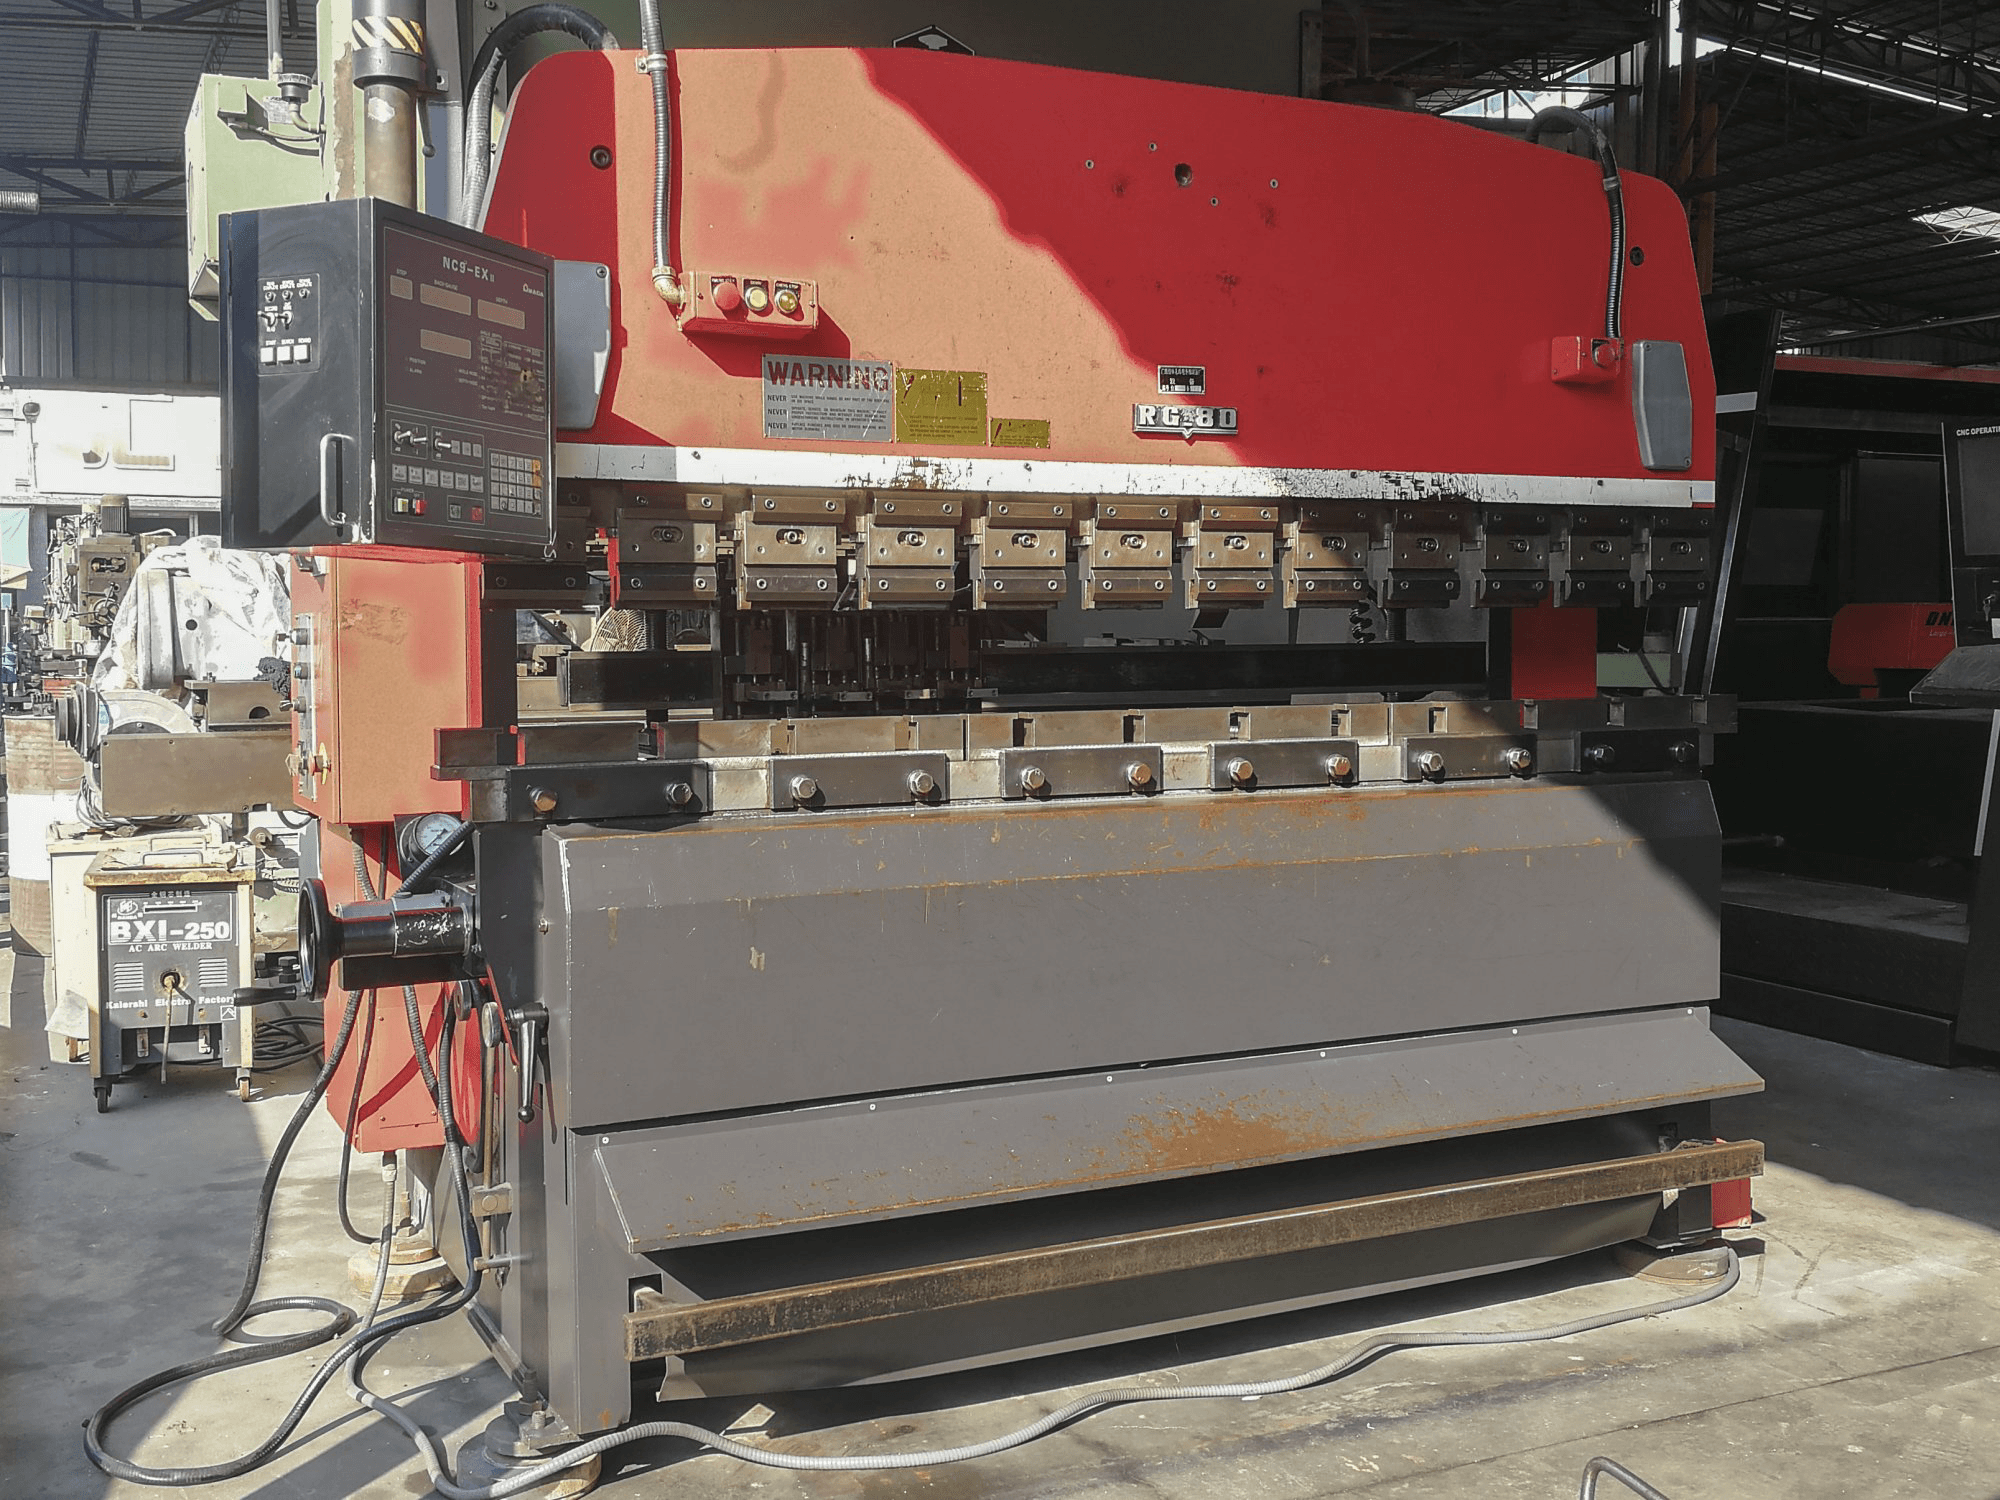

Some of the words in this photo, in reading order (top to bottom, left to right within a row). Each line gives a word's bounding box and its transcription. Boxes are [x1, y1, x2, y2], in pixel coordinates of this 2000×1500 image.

[767, 360, 889, 392] WARNING
[767, 394, 787, 402] NEVER
[767, 408, 787, 416] NEVER
[768, 421, 788, 430] NEVER
[1956, 428, 1970, 437] CNC
[128, 944, 143, 953] AC
[147, 943, 168, 952] ARC
[173, 942, 213, 951] WELDER
[199, 995, 236, 1005] Factory

* What the task requires
Please repeat the entries above exactly, leaving out any pictures.

* Answer box
Some of the words in this photo, in reading order (top to bottom, left to right within a row). Each line gives a word's bounding box and its transcription. Boxes are [x1, y1, x2, y2], in pixel coordinates of this 2000×1500 image.

[767, 360, 889, 392] WARNING
[767, 394, 787, 402] NEVER
[767, 408, 787, 416] NEVER
[768, 421, 788, 430] NEVER
[1956, 428, 1970, 437] CNC
[128, 944, 143, 953] AC
[147, 943, 168, 952] ARC
[173, 942, 213, 951] WELDER
[199, 995, 236, 1005] Factory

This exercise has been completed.